I plan to remove all unwanted grass, roots, etc. after rototilling so that there will be a nicely plowed field of soil.
Can you suggest using any special tools to round up the grass, etc. rather cheaply after tilling is complete?
How long does it take to kill the grass/weeds if the ground is covered in black visqueen?
Last Major question:
We have a Morning-glory infestation problem here. I have read that using products like roundup and like herbicides can be effective. Do you suggest cutting a vine open and leaving a small cup filled with roundup nearby to let the vine soak in the poison?
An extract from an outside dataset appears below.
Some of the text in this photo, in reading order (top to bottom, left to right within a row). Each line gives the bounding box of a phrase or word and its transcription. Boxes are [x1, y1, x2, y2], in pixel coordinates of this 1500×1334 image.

My conclusion was that repeated pulling eventually drains the nutrients the roots have to use to rebuild and slowly kills them off when they can't get sunlight.
Thanks for your advice!
|What you've read is true - soil that is bone dry will be difficult to rototill; soil that is moist will be easy to rototill. However, turning on a sprinkler to wet the soil isn't going to wet it very deeply. I'd wait until after a few days of soaking rains to get out the tiller. There's something about natural rainfall that seems to get everything equally moist.... There in Seattle you shouldn't have to wait too long before you get rain.
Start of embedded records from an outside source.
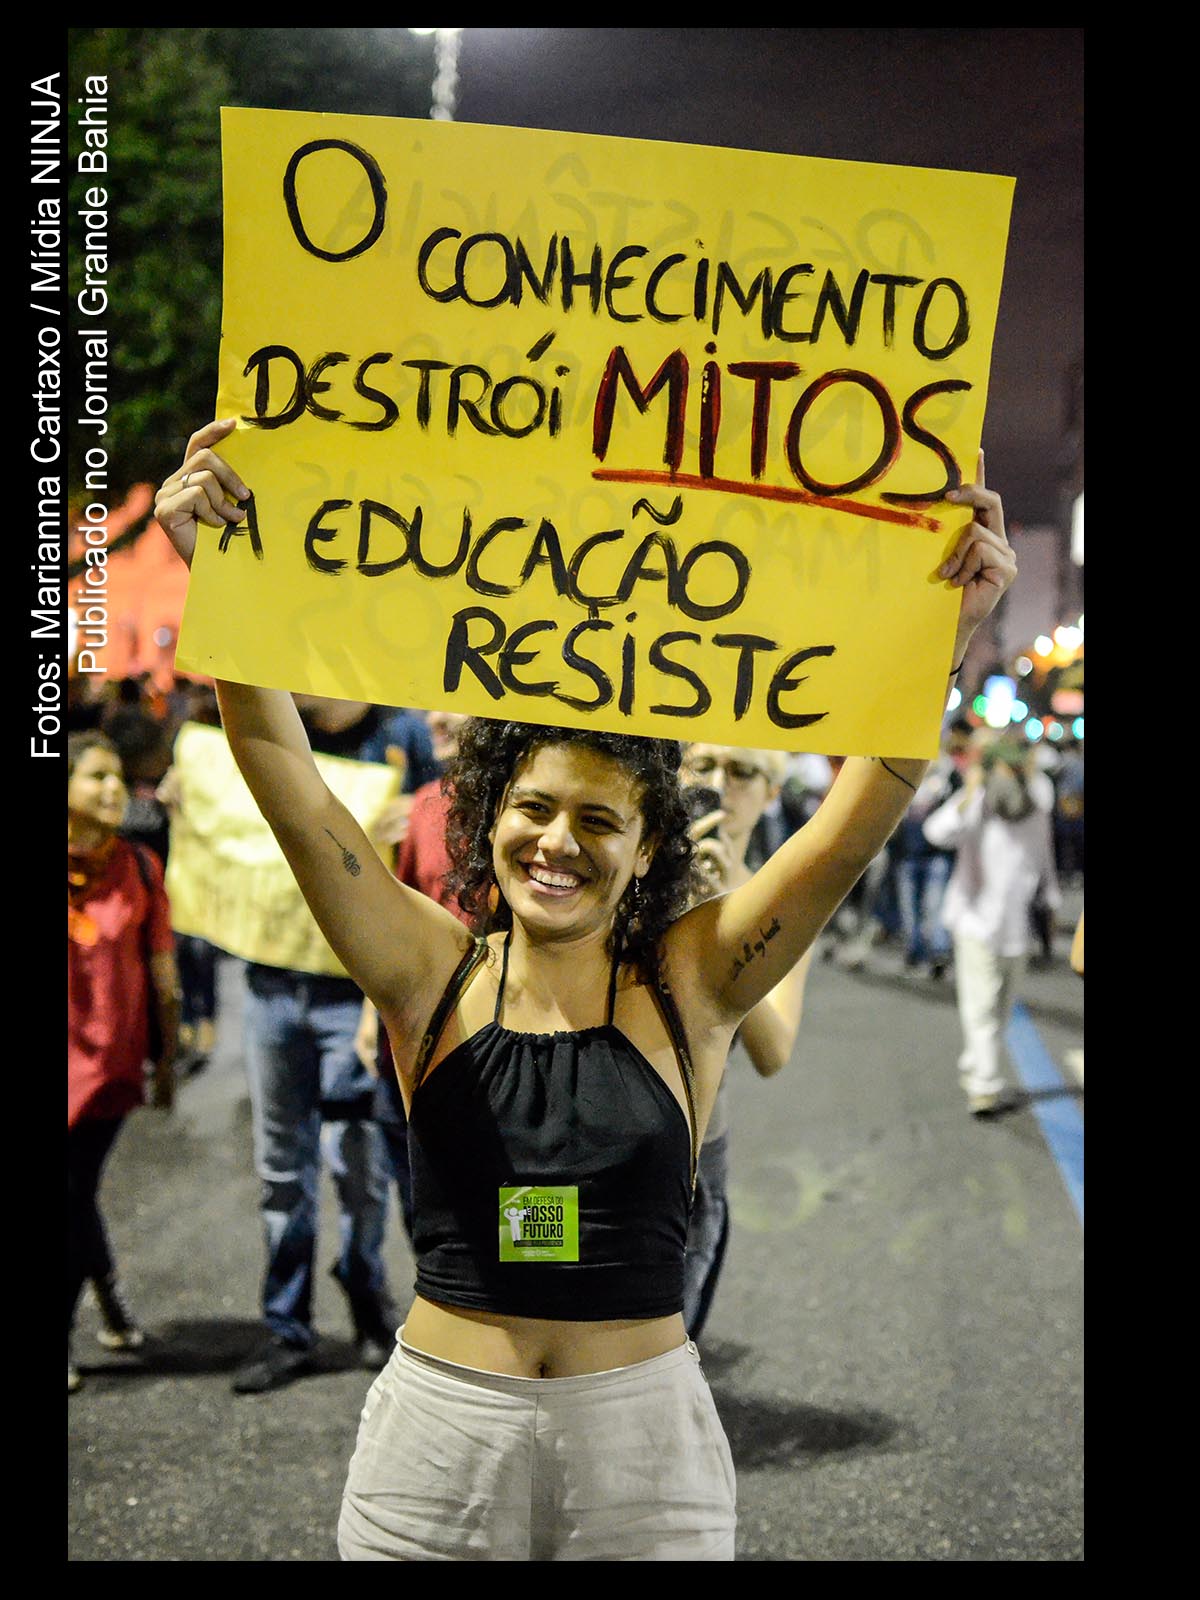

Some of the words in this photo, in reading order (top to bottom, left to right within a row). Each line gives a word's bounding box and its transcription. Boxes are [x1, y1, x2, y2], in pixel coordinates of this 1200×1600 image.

[283, 139, 388, 263] O
[217, 490, 264, 560] A
[305, 496, 751, 621] EDUCAÇÃO
[523, 1205, 563, 1222] NOSSO
[523, 1223, 563, 1239] FUTURO
Although the area is reasonably large, hand raking is the best way to remove the dead plant debris and stones your tiller brings to the surface. Anything mechanical will leave some debris behind so I think it would be just as easy to rake everything into small piles from the onset.
Your idea with the Round-Up won't be nearly as effective as waiting until the fall months to eradicate the bindweed. While it's true that continually cutting the vines down to ground level will eventually starve out the roots, I think that a properly timed application of Round-Up will be just as effective. In the fall plants tend to speed up the process of transporting the sun's energy from the foliage down to the roots for storage over the winter months. This ensures the plant has ample stored energy to begin growing in the spring. Applying Round-Up in the early fall will guarantee that the herbicide will be translocated to the roots of the plant and should kill the roots when they are most vulnerable. Repeat applications may be necessary - read and follow the label directions.
Best wishes with your landscape renovation!